# Plumbing New System



## SavingOurSeas (Jul 16, 2013)

I am still undecided as to what I want. 
I have several aquariums I can plumb together and make a nice system.

I am working with 90L, 90T, 75T, 55L, 55T, 36BF, 20T, and 3 10's.

I would like to end up with 3-4 properly working systems.

I want a refugium on all systems. 

One system could initially be used for breeding purposes only 
(Ocellaris Clownfish (Amphiprion ocellaris))

I would like at least two QT systems, one for corral and the other for fish. The reason being is the treatments vary in materials used if the need should arise.

This is the part I am debating on or rather not quite so sure of the details; how can I plumb the QT into the main display and into the refugium?
I have been thinking just run a line from the M into the QT and then into the R. 
My question is this, how can I isolate the QT for 30+ days and still have water flow? It almost seems to me that I should have a completely separate system when it comes to having a QT.

However I have heard of the QT being plumbed into the whole system.
I do desire this, I'm just not quite sure of the details.
Can you help?


----------



## Reefing Madness (Aug 12, 2011)

.


----------



## SavingOurSeas (Jul 16, 2013)

Reefing Madness said:


> I could help. Its easy enough. But first if I may.
> Why on earth would you plumb a QT into the DT? The whole reason for a QT is to keep it seperate from the DT so the bacteria, parasite, virus don't get into the DT. Ir you plumb them together and all the water runs together, there is absolutely no reason for the QT at that point.
> Just think about this a second. Lests say yiu want to run copper in the QT, won't the copper treatment end up in the DT? And kill all yiur inverts and corals?

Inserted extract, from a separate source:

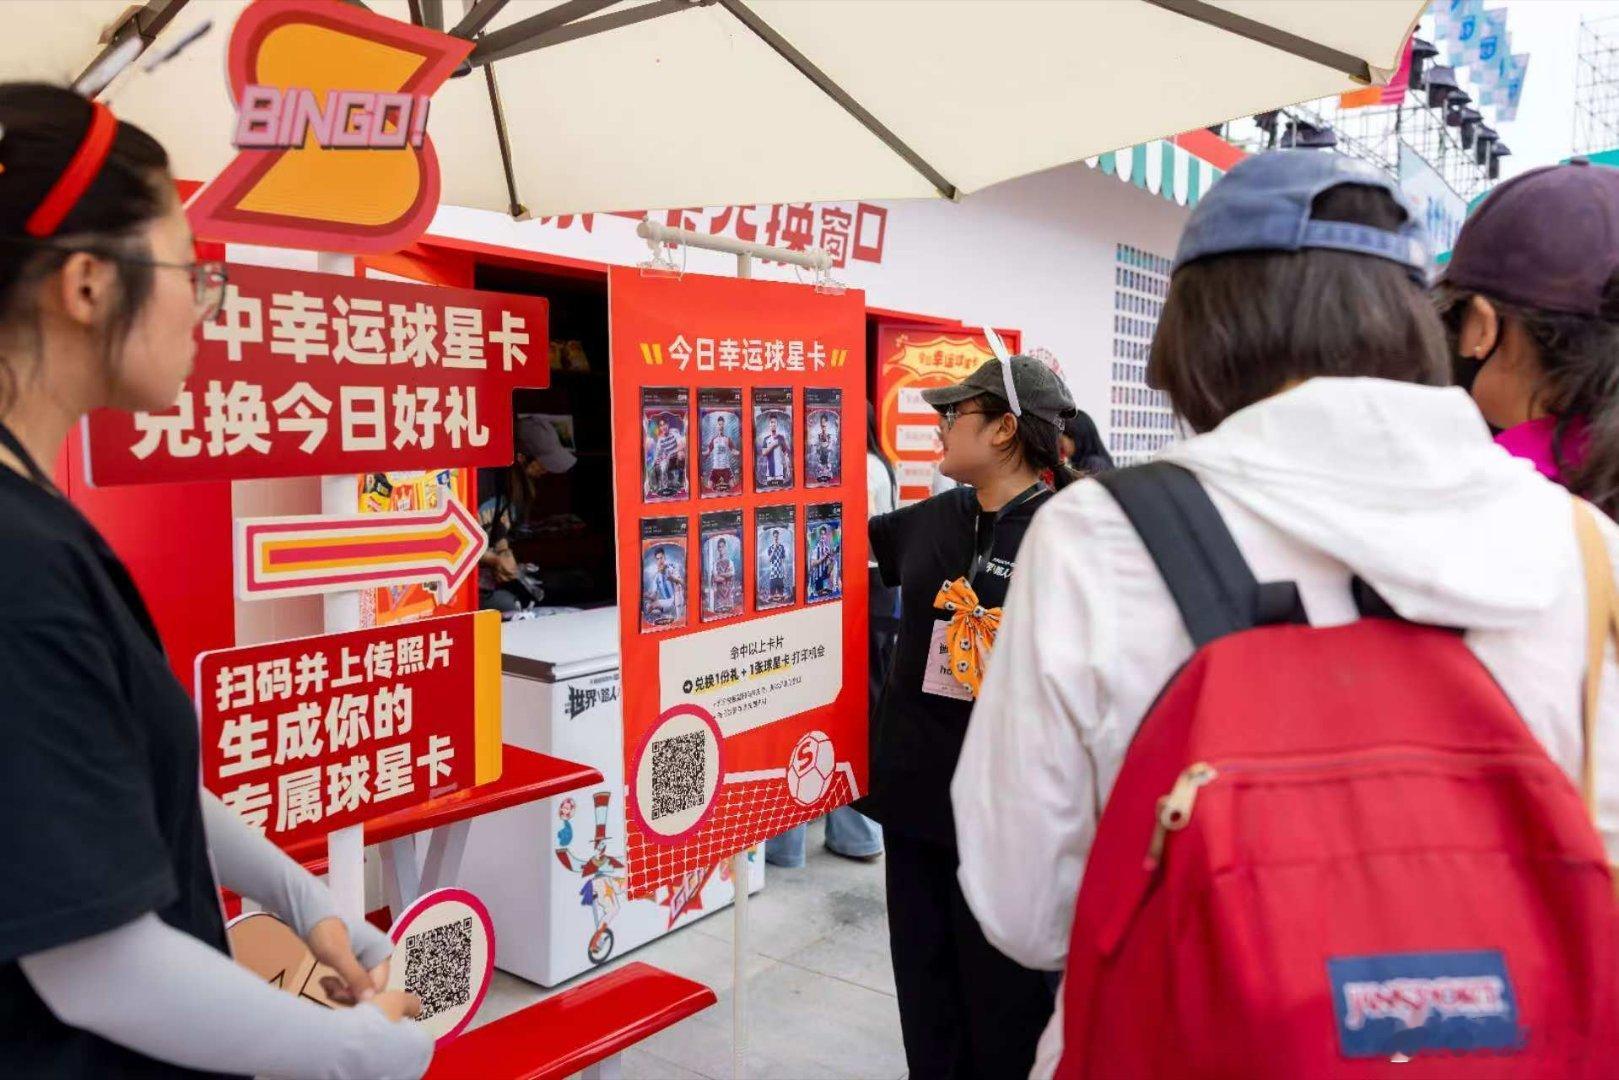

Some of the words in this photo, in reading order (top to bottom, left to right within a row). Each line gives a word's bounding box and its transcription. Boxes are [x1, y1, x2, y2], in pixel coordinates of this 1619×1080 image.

"My question is this, how can I isolate the QT for 30+ days and still have water flow?"
I understand exactly what you are saying, you are correct.
I want the 3 separate bodies of water plumbed together, but how do I isolate the QT from the system as a whole when I am treating something for the 30+ days?


----------



## Jim Albright (Jan 22, 2013)

Sponge filter with a canister/HOB filter....but I would never consider this because I think you are saying you want to be able to shutdown the qt tank when you get new stuff in...Then you will see for 30 days if everything is ok then open a line linking the qt to the main tank....Is that right? Too Risky for me----Just set up a couple of small qt tanks with sponge filters and keep them separated from main tank. Never have qt tank water/material touch main tank.....


----------



## Reefing Madness (Aug 12, 2011)

.


----------



## Reefing Madness (Aug 12, 2011)

.


----------



## SavingOurSeas (Jul 16, 2013)

Reefing Madness said:


> Ball valves in the pvc will connect the entire system together, then you can open the valves when you have completed the treatment


This was my thoughts as well, but where will my water flow be coming from if I isolate the QT by cutting off the flow using the BV?
Also, the chemicals if I use any, what will become of them?

I was thinking about building a drain system into the QT and completely draining it in between uses. That solves that problem, but then it makes it useless if I would have it plumbed into the main.

I'm asking myself what this purpose would serve, why do I want my QT plumbed into the system?

I'm not sure I have an answer, except I would have aged water at the turn of a valve.

Do you understand my concerns?


----------



## SavingOurSeas (Jul 16, 2013)

Reefing Madness said:


> Ball valves in the pvc will connect the entire system together, then you can open the valves when you have completed the treatment


Yes, but my Q is where will I get my water flow if I have the QT isolated by use of BV? Would having a second R plumbed into the QT, just for its use?
Powerheards? What?


----------



## Reefing Madness (Aug 12, 2011)

.


----------



## SavingOurSeas (Jul 16, 2013)

Reefing Madness said:


> Yup, I get where your coming from. But, its a bad idea.
> You would have to install powerheads in the QT for flow when it was cut off from the DT.
> To get the meds or whatever out of the tank you'd have to run a hell of a lot of Carbon afterwards for a month or 2 before you'd be even safe to release that water. Again, just for the sake of arguement here. Dont use Copper in the QT, you would not be able to release that water into the DT for a very long time, I'd say at least 6 months, while your carbon atttempted to remove it from there, then, and I say then, it may be safe. But other medications you could use carbon to remove.
> I like your idea of having a QT plumbed to the DT, then when your done, just dump the system out, thats a better idea. When you were ready to use it, all you'd have to do is twist the ball valve to fill it up, the water would be ready to go that fast for ya. And topping off the system is alot easier than waiting on a QT to cycle.


Yes, now we are on the same page. This is good 
Sometimes I have a very difficult time getting my thoughts out on paper/screen.
I need to work on my language skills! God help me if I move to another country like Fiji for a 2 year contract working on a corral farm 8O
I finally came to the conclusion of having several power heads just as yourself. I agree on the drain as dumping the QT water after the isolation period is over.
For some reason I REALLY was stuck on having it plumbed into the entire system, some random un-detailed post had me on that wild kick haha.
Thank you for your time concerning this.


----------



## Reefing Madness (Aug 12, 2011)

.


----------